Phil, I read somewhere that anyone with an above average technical bent can transform these semi-auto weapons into fully-auto. As I'm not knowledgeable in this area, what is your opinion? Do you have to be a 'gun-smith' to alter the function of a semi-auto to a full-auto?


----------



## Cruentus (Dec 21, 2003)

> _Originally posted by Reprobate _
> *Phil, I read somewhere that anyone with an above average technical bent can transform these semi-auto weapons into fully-auto. As I'm not knowledgeable in this area, what is your opinion? Do you have to be a 'gun-smith' to alter the function of a semi-auto to a full-auto? *



This is absolutely true. You can turn "fake silencers" into real silencers also too. At gun and knife shows, I can always find a few guys who are more then willing to impart the knowledge.

But...so what. People in america are killed all the time, but you almost never hear on the news that someone was killed with an automatic weapon. It just doesn't happend often enough to consider banning these weapons.

Here in the U.S. we believe and protect the right to bear arms very dearly (well, about half of us do, anyways). The purpose of having our second amendment right is that WE (citizens) have the right to arm ourselves, create a militia, and overthrow our government if an Adolf Hitler type individual fanagles himself into power. 

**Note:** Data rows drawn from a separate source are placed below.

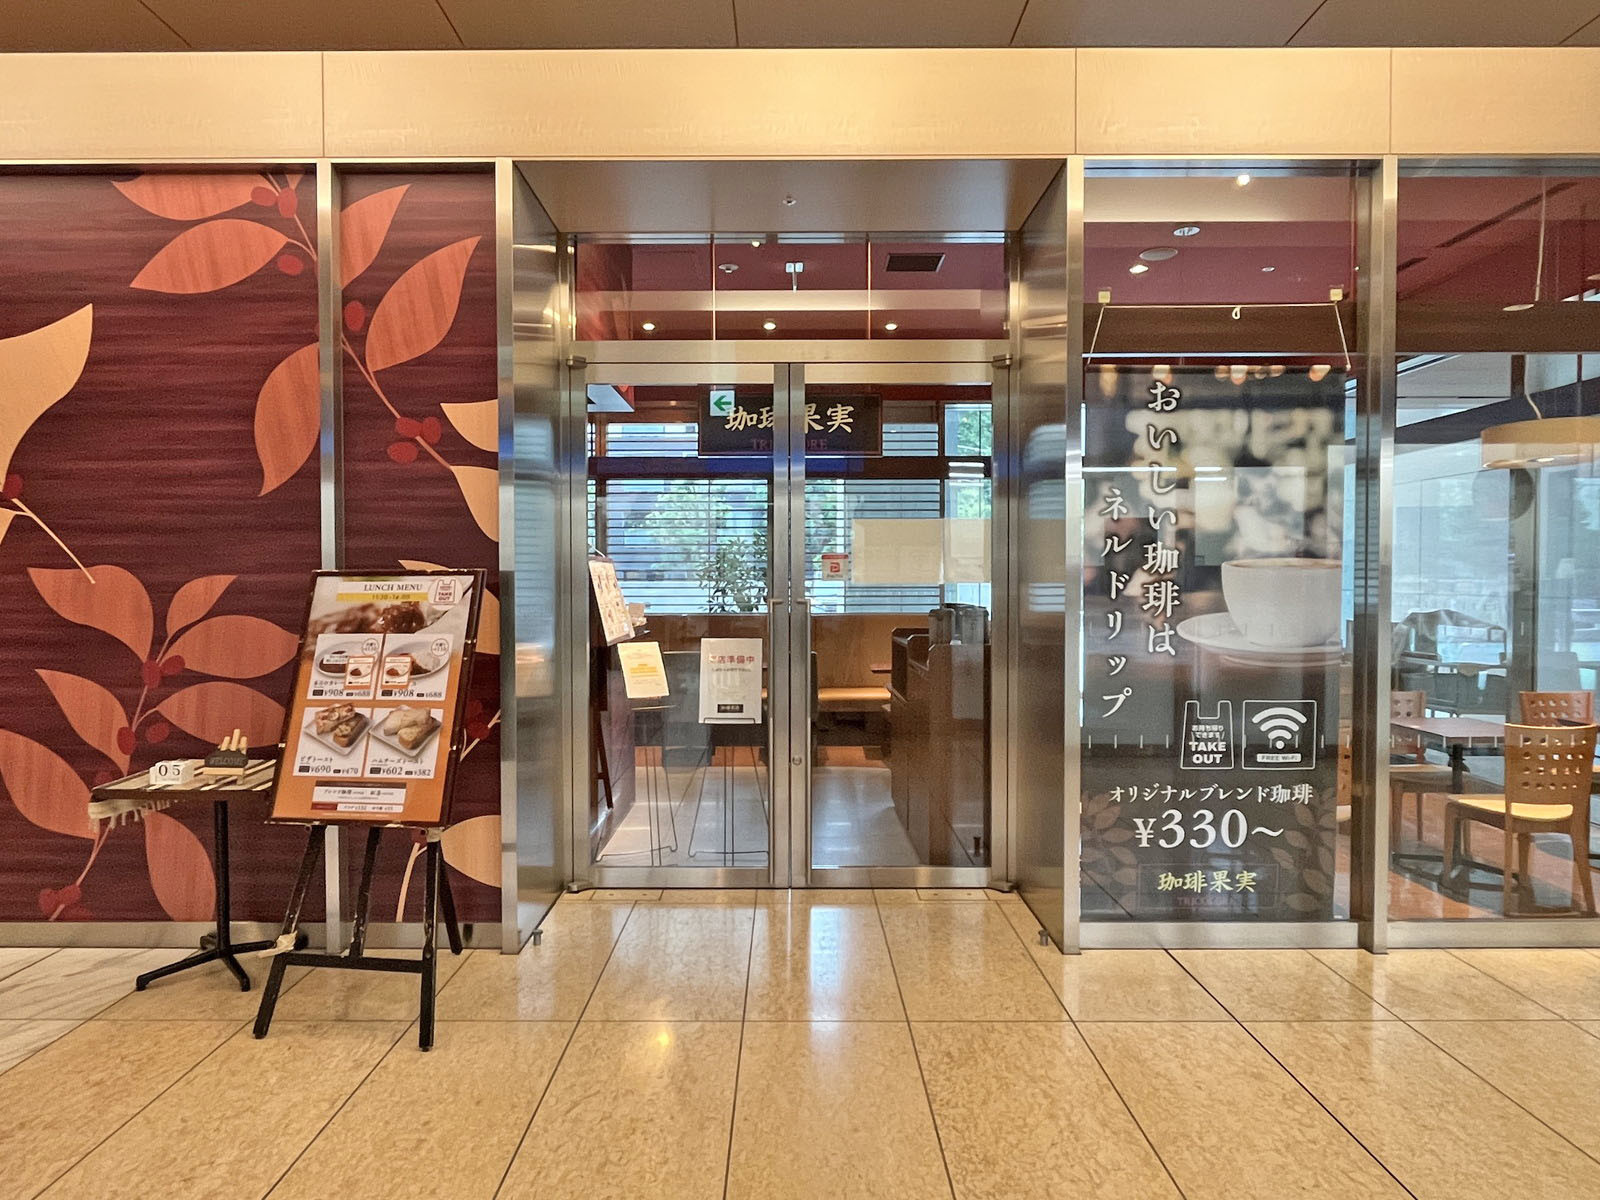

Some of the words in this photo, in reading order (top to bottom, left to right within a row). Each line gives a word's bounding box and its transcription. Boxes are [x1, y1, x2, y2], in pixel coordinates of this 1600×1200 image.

[1142, 381, 1181, 656] おいしい珈琲は
[364, 584, 394, 592] LUNCH
[396, 583, 423, 591] MENU
[1101, 488, 1133, 718] ネルドリップ
[1189, 741, 1227, 752] TAKE
[1192, 754, 1223, 764] OUT
[310, 765, 332, 774] ¥690
[382, 767, 403, 776] ¥602
[1108, 783, 1313, 804] オリジナルブレンド珈琲
[1157, 870, 1257, 893] 珈琲果実

Now, my personal opinion (as stated on another thread) I think we should be able to outright own and carry any damn thing we want; automatic, silencer, double edged blades, or whatever. But, I think that we should have to regester firearms under a license so if I decide to murder someone, they can easily trace it back to me. Gun nuts usually think I am too drastic when it comes to what I think we should be able to own and carry, but they think I too "left winged" when I talk about licensing. Ah well....


----------



## Cruentus (Dec 21, 2003)

.


----------



## Cryozombie (Dec 21, 2003)

> _Originally posted by Reprobate _
> *Phil, I read somewhere that anyone with an above average technical bent can transform these semi-auto weapons into fully-auto. As I'm not knowledgeable in this area, what is your opinion? Do you have to be a 'gun-smith' to alter the function of a semi-auto to a full-auto? *



IMHO Anyone with half a brain, access to a machine shop, and a has taken basic metalworking in highschool can probably do it.

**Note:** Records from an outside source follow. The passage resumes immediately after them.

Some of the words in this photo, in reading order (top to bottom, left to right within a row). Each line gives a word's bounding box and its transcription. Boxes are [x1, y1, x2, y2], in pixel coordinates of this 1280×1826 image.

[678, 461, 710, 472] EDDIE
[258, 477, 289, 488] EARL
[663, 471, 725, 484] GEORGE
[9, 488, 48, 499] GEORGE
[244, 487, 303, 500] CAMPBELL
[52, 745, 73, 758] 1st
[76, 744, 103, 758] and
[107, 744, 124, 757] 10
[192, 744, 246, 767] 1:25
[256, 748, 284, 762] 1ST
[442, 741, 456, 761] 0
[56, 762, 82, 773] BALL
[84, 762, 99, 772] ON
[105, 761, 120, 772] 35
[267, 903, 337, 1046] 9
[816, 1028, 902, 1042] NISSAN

Ive read the conversion manuals for many of these firearms, and as long as you can follow the specs they give you it should be Relatively simple.  To oversimplify, It usualy involves making a basic replacement part, (no complicated moving parts) and "dropping" it into the lower reciever.

From a legal standpoint I would not reccomend doing it however.


----------



## Makalakumu (Dec 21, 2003)

> _Originally posted by PAUL _
> *Here in the U.S. we believe and protect the right to bear arms very dearly (well, about half of us do, anyways). The purpose of having our second amendment right is that WE (citizens) have the right to arm ourselves, create a militia, and overthrow our government if an Adolf Hitler type individual fanagles himself into power. *



A little pop gun isn't going to do much against a cruise missile.  This is the biggest farce in todays gun culture.  "Over throw the government!"  I don't think so.  As long as the rich control the symbols of power and rhetoric, nothing will happen.  We could have concentration camps tomorrow (they are already built) and it would just be part of the "war on terror."  Just think about this...


----------



## dearnis.com (Dec 21, 2003)

Anyone can modify a weapon into, well, a modified weapon.  In doing so one crosses from state into federal jurisdiction and immediately begins looking  at SERIOUS federal time.
Also, for what its worth, I have only rarely recovered guns from criminals that I would not be embarrassed to have in my own safe.

Chad


----------



## Rich Parsons (Dec 21, 2003)

> _Originally posted by upnorthkyosa _
> *A little pop gun isn't going to do much against a cruise missile.  This is the biggest farce in todays gun culture.  "Over throw the government!"  I don't think so.  As long as the rich control the symbols of power and rhetoric, nothing will happen.  We could have concentration camps tomorrow (they are already built) and it would just be part of the "war on terror."  Just think about this... *




Ok, if the Governement can launch a cruise missile at me, let them. The question then stands, what is the problem with me having a gun?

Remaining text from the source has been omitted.